> AIM OF THE TASK: The pictures are to be dropped, and the records below are to be restated word for word.

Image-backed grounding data
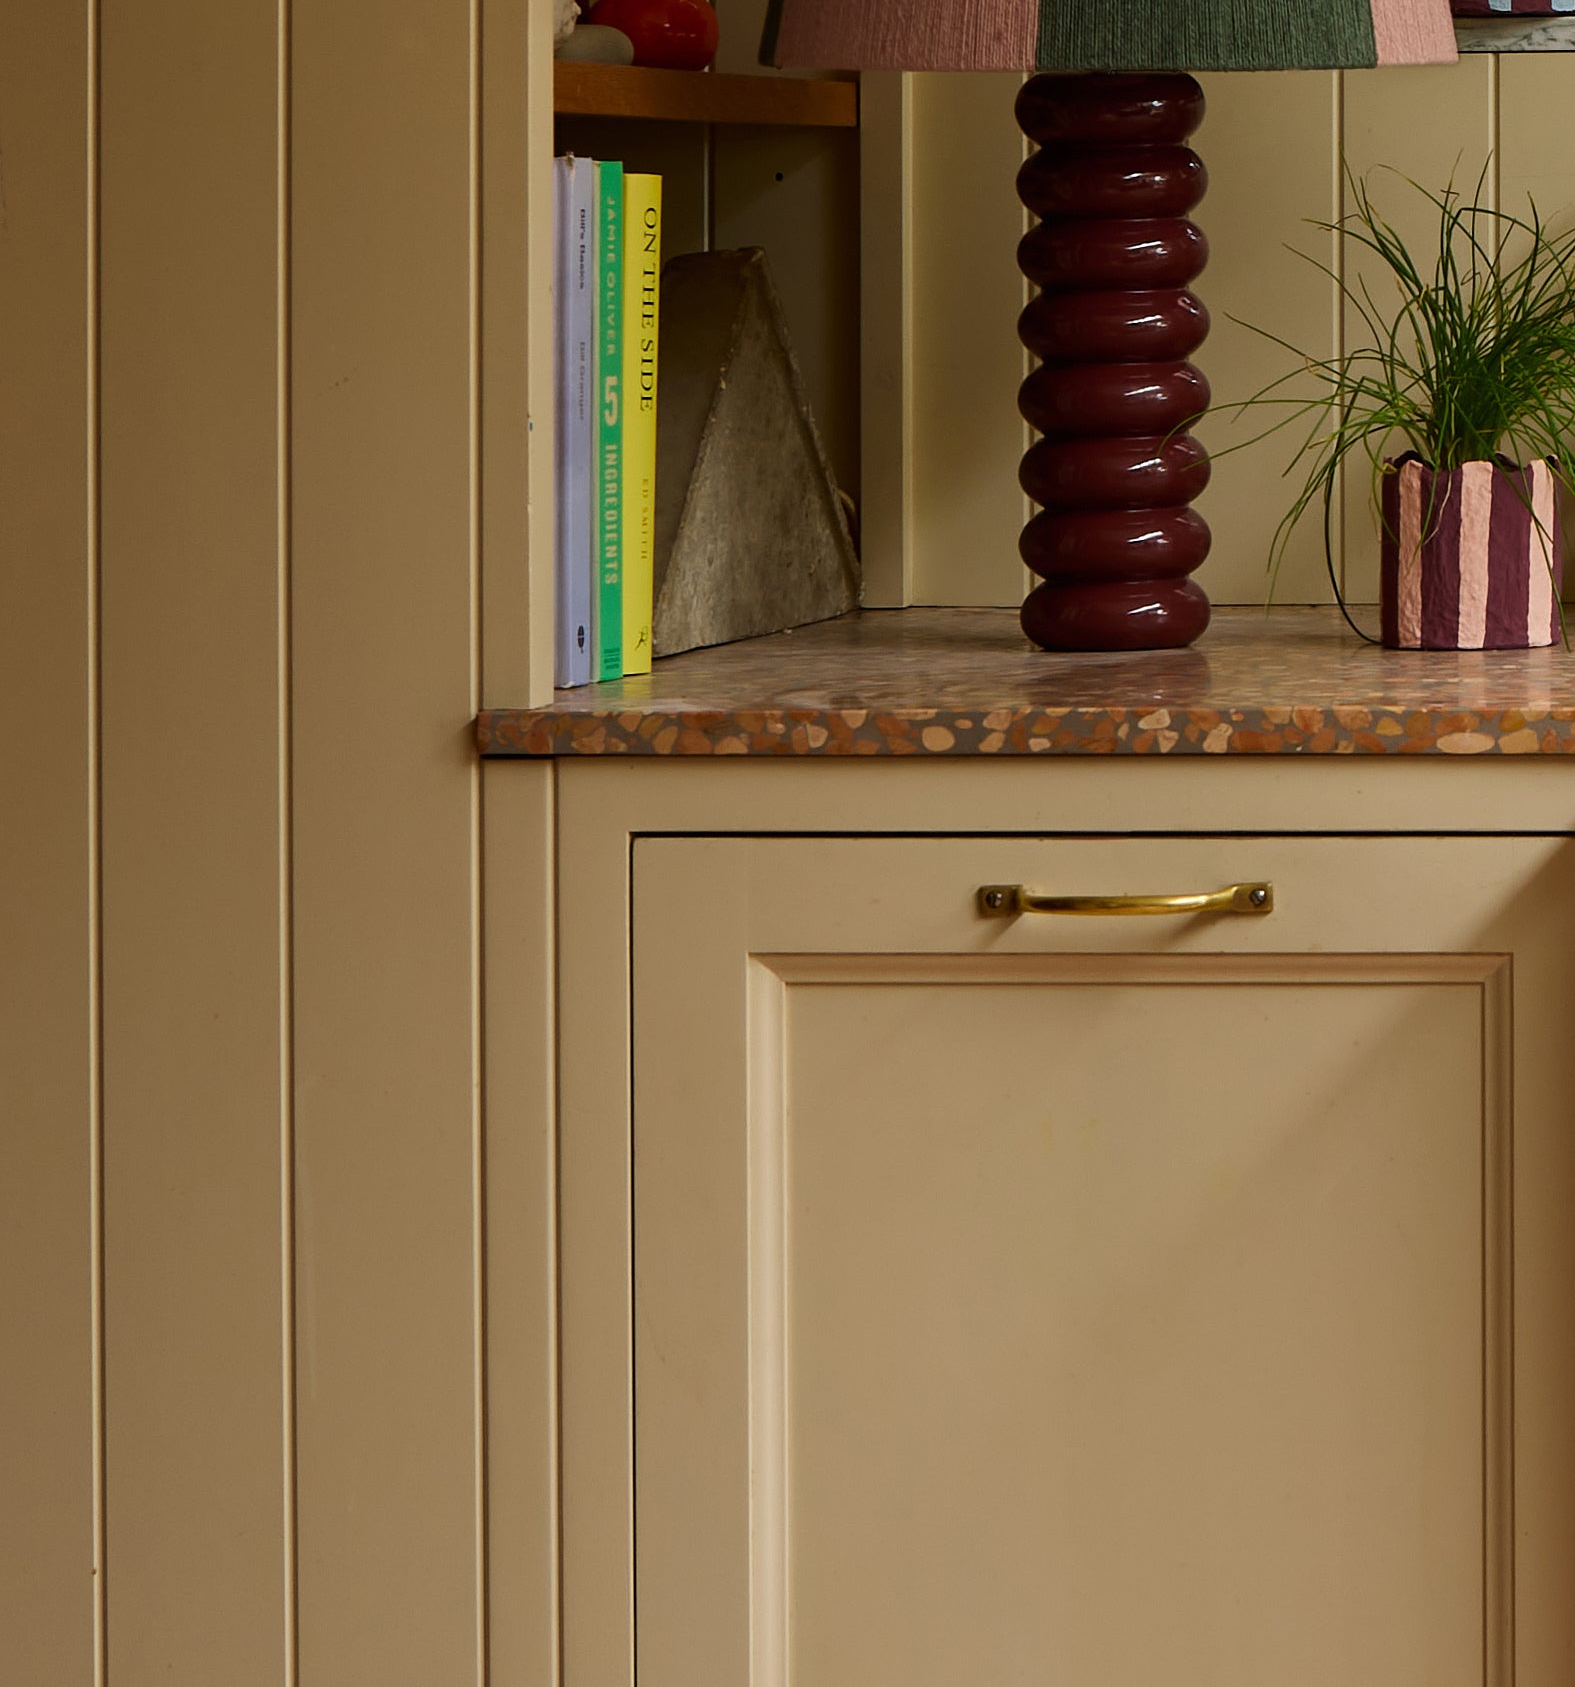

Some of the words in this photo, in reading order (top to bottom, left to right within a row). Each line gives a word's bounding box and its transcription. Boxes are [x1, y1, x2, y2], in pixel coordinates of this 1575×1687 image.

[607, 196, 616, 264] JAMIE
[643, 208, 657, 253] ON
[606, 270, 616, 355] OLIVER
[641, 264, 656, 329] THE
[604, 376, 619, 427] 5
[640, 339, 654, 412] SIDE
[604, 444, 619, 584] INGREDIENTS

> RESPONSE BELOW:
Some of the words in this photo, in reading order (top to bottom, left to right within a row). Each line gives a word's bounding box and its transcription. Boxes are [x1, y1, x2, y2], in pixel coordinates of this 1575×1687 image.

[607, 196, 616, 264] JAMIE
[643, 208, 657, 253] ON
[606, 270, 616, 355] OLIVER
[641, 264, 656, 329] THE
[604, 376, 619, 427] 5
[640, 339, 654, 412] SIDE
[604, 444, 619, 584] INGREDIENTS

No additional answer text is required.